Depuis plusieurs mois, un débat agite la Toile : gagner la Star Academy garantit-il une carrière durable dans la musique ? Interrogé par Purecharts, Charles Doré, lui aussi révélé par le télé-crochet, a défendu sans détour le parcours de deux anciens lauréats, Marine et Pierre Garnier, tout en nuançant l’idée d’un succès « automatique » après l’émission.

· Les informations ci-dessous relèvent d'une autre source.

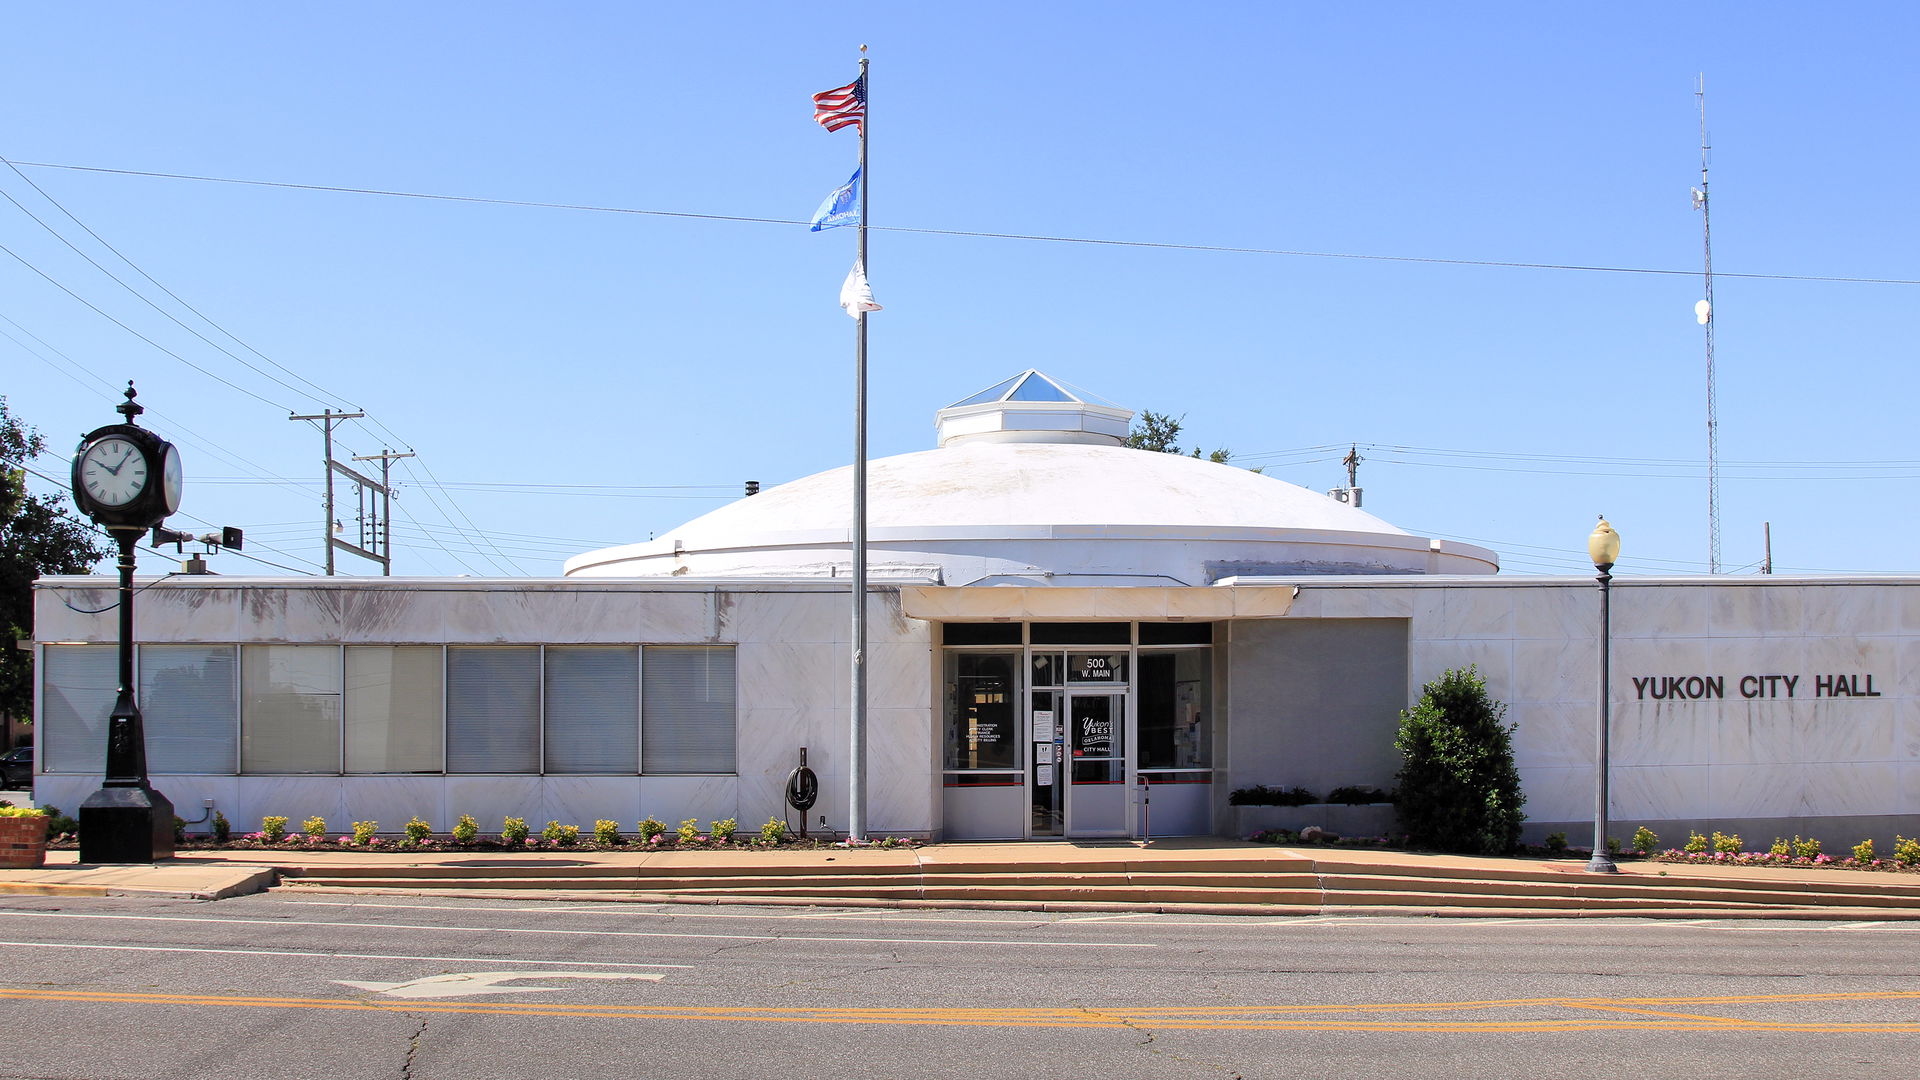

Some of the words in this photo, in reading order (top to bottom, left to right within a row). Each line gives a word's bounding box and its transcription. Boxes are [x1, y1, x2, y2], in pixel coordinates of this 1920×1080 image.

La visibilité télévisuelle, un véritable accélérateur
Pour Charles Doré, il est inutile de nier l’évidence : la Star Academy offre une visibilité rare aux jeunes artistes. « Bien sûr, c’est une chance énorme », reconnaît-il, rappelant que les candidats « sont dans le salon des gens tous les jours. Les gens s’attachent à nous ». Cette exposition quotidienne, combinée aux primes hebdomadaires, permet selon lui d’obtenir en quelques mois une notoriété que beaucoup peinent à construire en plusieurs années.
Le chanteur illustre son propos par des chiffres et des scènes : « Au bout de trois mois de télé, c’est quand même assez dingue de remplir des Zéniths et de faire des Accor Arena ». Il résume l’effet de l’émission en ces termes : « Ce qu’on fait en trois mois, normalement, ça peut prendre cinq ans ». Pour lui, la télévision fonctionne comme un accélérateur de carrière, ouvrant plus rapidement les portes des médias et des grandes salles.
La lumière ne suffit pas : gérer l’excès d’exposition
Mais cette lumière, aussi puissante soit-elle, n’est pas une garantie. Charles Doré insiste sur la nécessité pour les artistes de transformer cette visibilité en projet musical solide. « On te met la lumière. Mais si tu ne sais pas la gérer, ça redescend aussi vite que c’est monté », avertit-il. Selon lui, la suite dépend largement du travail fourni après l’émission et de la capacité à construire une identité artistique durable.
C’est précisément ce point que Doré avance en défendant Marine et Pierre Garnier. Face aux critiques affirmant que leur succès tiendrait uniquement à leur victoire à la Star Academy, il oppose une lecture différente : « Excusez-moi, mais ce n’est pas parce qu’ils ont gagné la Star Academy qu’ils en sont là aujourd’hui ». À ses yeux, leur réussite est le fruit d’un travail assidu et de choix artistiques conscients. « On met de la lumière sur eux, mais s’ils ne bossent pas, ça ne marche pas », ajoute-t-il.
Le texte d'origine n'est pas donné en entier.